EAP Films was originally founded as Edirisinghe Cinema Theatres in 1972. It has the largest share of the Sri Lanka theatre market with more than 15+ screens island-wide. It started producing films in 1994 and its first release was Dhawala Pushpaya (1994). The company has been listed on the Colombo Stock Exchange since the 2000s.

== History ==
The company was founded by a husband-and-wife team in 1972 as Edirisinghe Cinema Theatres under its parent company, EAP Group. EAP acquired Savoy Cinema theatres in 1974. At first only Sinhala films were distributed, but during the mid-1980s a license for distribution of Hollywood movies was added.
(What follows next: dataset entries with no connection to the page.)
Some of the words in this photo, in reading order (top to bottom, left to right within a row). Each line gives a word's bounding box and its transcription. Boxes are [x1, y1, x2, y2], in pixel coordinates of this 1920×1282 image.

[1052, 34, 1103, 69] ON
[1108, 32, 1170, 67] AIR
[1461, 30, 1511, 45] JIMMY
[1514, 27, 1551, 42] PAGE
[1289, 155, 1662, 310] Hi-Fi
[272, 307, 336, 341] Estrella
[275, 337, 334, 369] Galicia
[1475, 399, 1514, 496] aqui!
Its theatres converted to digital in 2014. A cinema was built in Wellawatte. EAP Film had their highest recorded bookings of 10,000 tickets for the 3D Tamil film 2.0. Sunil Ariyaratne's Vijayaba Kollaya, Gajaman was also screened in 3D.

In 2015 Village Roadshow of Australia and EAP Group signed a partnership. In 2019, Ben Holdings acquired EAP Films for 12 billion Rs.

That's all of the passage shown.